‘‘It sounds a bit strange but when I was diagnosed with a hypermobility syndrome I actually felt relieved. For a big part of my life I didn’t know what was wrong with me. I would always feel so exhausted and my body would hurt. When the doctor diagnosed me I finally knew I wasn’t exaggerating. Because my condition isn’t something you can see from the outside it is really hard for other people to understand my limitations. Because of my limitations its really hard to find a job. Even if I were employed I probably would be physically disapproved. However, I don’t want to have to depend on welfare and I belief I can contribute to society with my art. I never gave up my passion for painting and illustrating so I decided to work as a freelancer. There is a lot of competition in my field and still I am struggling to get enough work but I really love my job. I am also really blessed with the people around me.
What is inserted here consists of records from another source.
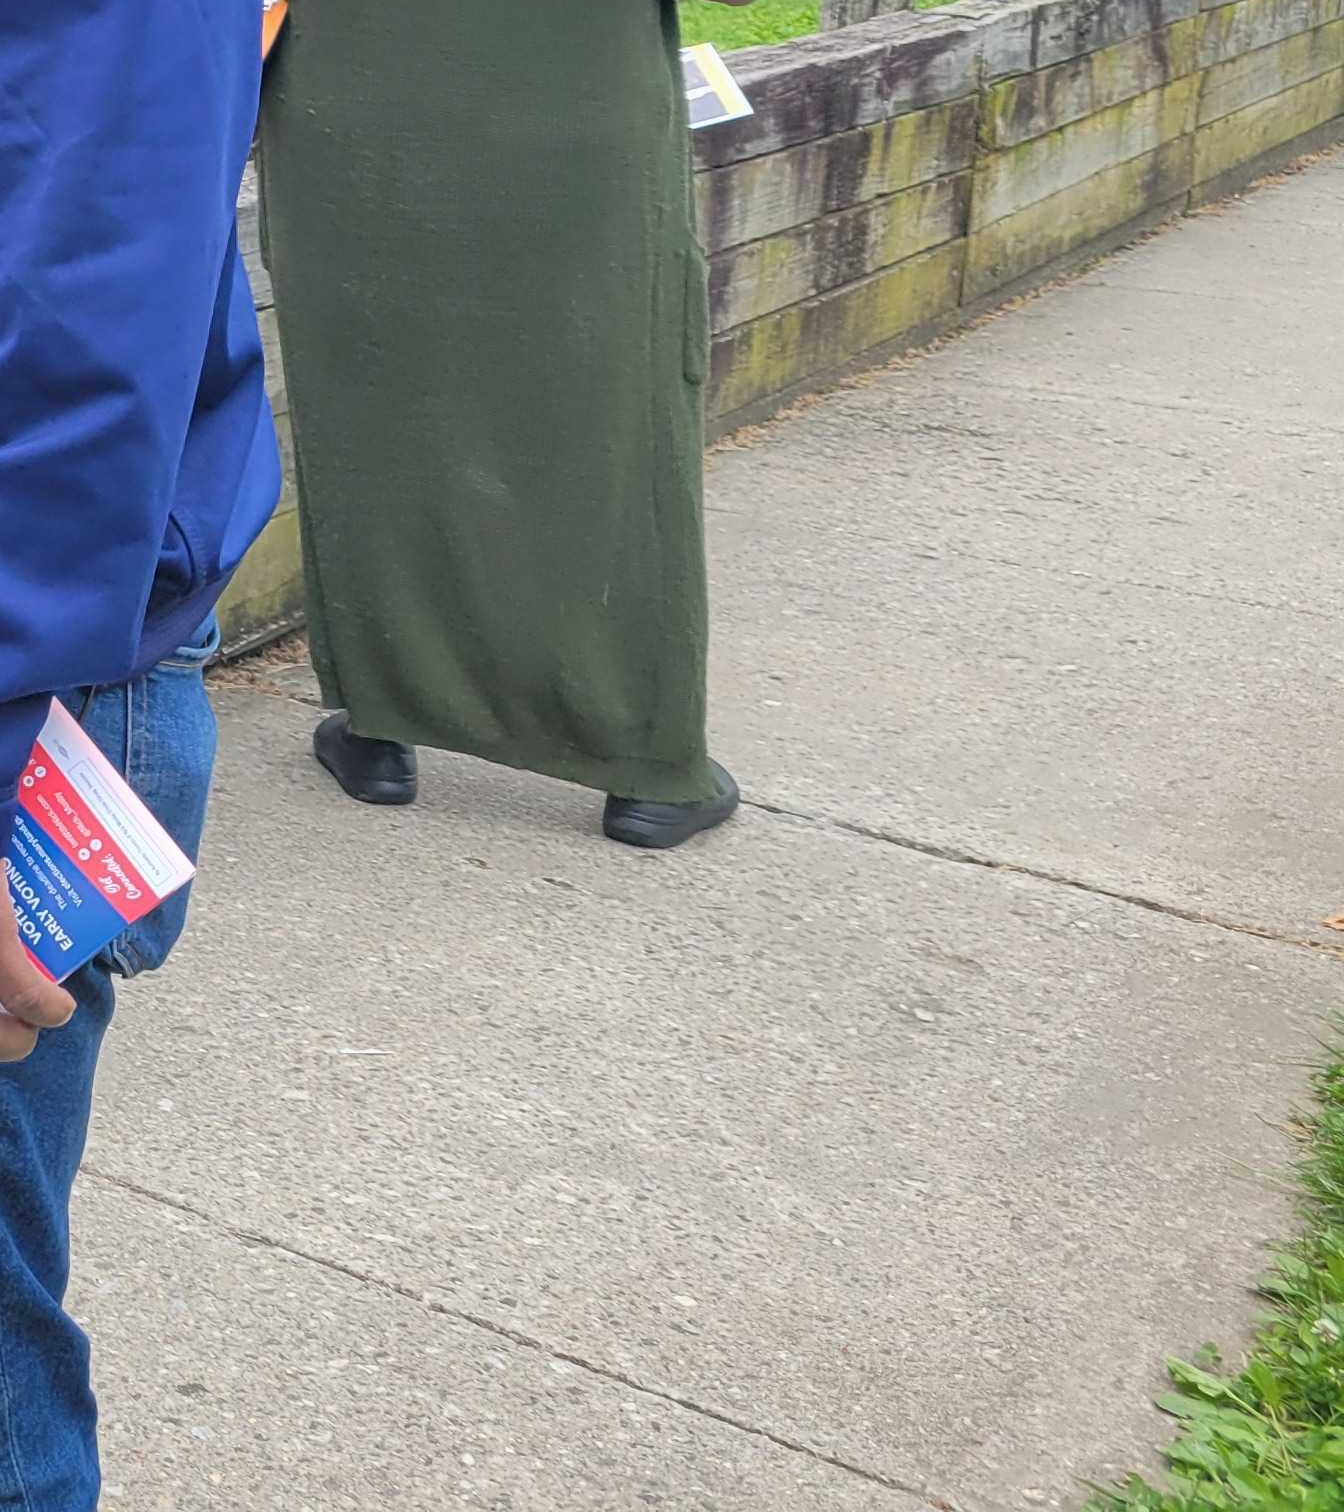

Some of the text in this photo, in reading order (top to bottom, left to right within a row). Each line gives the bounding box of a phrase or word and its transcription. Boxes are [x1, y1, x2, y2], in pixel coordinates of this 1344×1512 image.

[33, 861, 60, 895] deadline
[55, 890, 68, 911] The
[13, 900, 43, 946] VOTE
[35, 906, 74, 953] EARLY
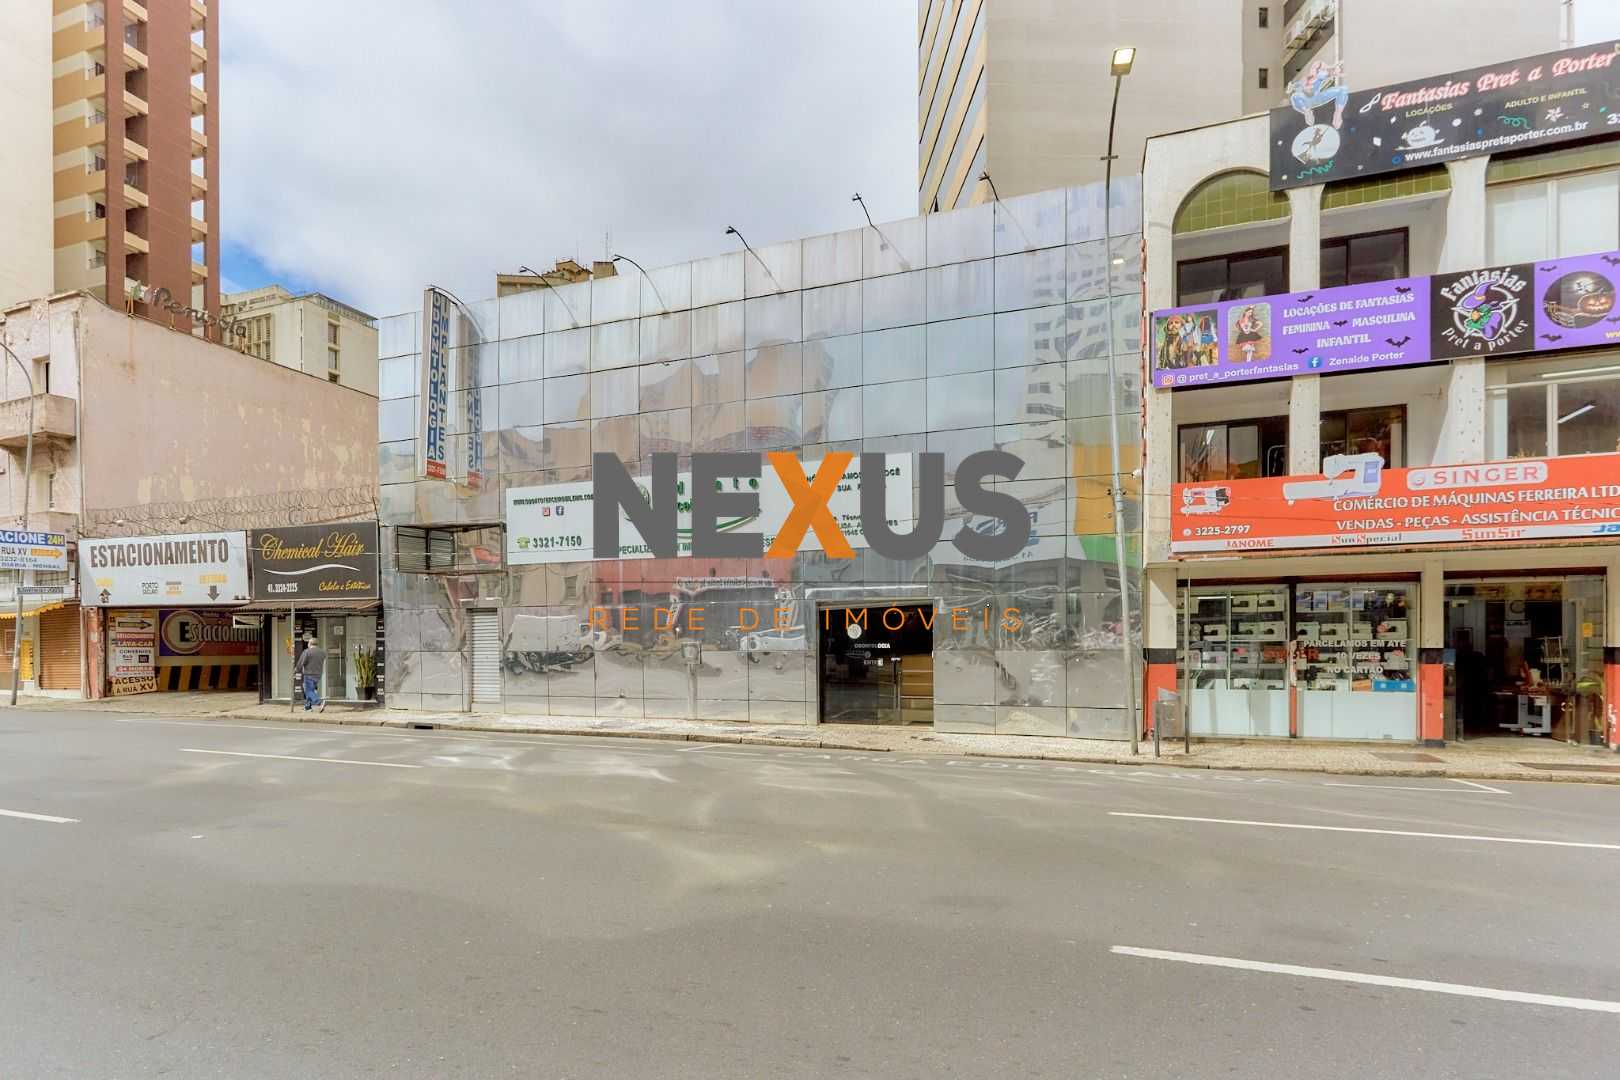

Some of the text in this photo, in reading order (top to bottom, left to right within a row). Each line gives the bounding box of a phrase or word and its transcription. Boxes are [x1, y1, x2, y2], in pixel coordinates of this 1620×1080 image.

[1382, 52, 1616, 111] Fantasias Pret a Porter
[1405, 103, 1453, 118] LOCAÇÕES
[1504, 95, 1540, 109] ADULTO
[1541, 94, 1547, 102] E
[1405, 120, 1589, 161] www.fantasiaspretaporter.com.br
[1283, 293, 1415, 318] LOCAÇÕES DE FANTASIAS
[1283, 312, 1416, 335] FEMININA MASCULINA
[1317, 334, 1371, 348] INFANTIL
[1328, 352, 1405, 366] Zenaide Porter
[427, 292, 441, 460] ODONTOLOGIA
[436, 298, 449, 461] IMPLANTES
[1434, 466, 1538, 486] SINGER
[1334, 485, 1620, 511] COMÉRCIO DE MÁQUINAS FERREIRA LTD
[1336, 506, 1620, 530] VENDAS PEÇAS ASSISTÊNCIA TÉCNIC
[48, 535, 64, 545] 24H
[1195, 525, 1251, 536] 3225-2797
[260, 531, 365, 560] Chemical Hair
[532, 535, 582, 548] 3321-7150
[1225, 539, 1275, 548] JANOME
[17, 548, 27, 556] XV
[90, 538, 229, 568] ESTACIONAMENTO
[1303, 639, 1367, 648] PARCELAMOS
[1370, 639, 1385, 647] EM
[115, 675, 154, 685] ACESSO
[1327, 666, 1340, 674] NO
[139, 682, 155, 690] XV
My boyfriend for example, he doesn’t make a big deal out of my condition and he gives me the feeling that I am much more than my disease. Also my friends are incredible. 9 out of 10 times I am fatigue and I have to cancel going to their events such as birthday parties and weddings because I am experiencing a lot of physical pain. Still they keep inviting me even though I can never really commit. That just means the world to me.‘‘

“What’s the hardest thing about being an au pair?”
“The endless cleaning..”
“The lack of space and privacy..”
“The salary!”

“Where did you two meet?”
“We met on an online dating site, it’s actually our first date.”
“Did you both mention ‘blue hair’ in your dating profile?”
“Well I did, he didn’t.Then he showed up with the same hair color.”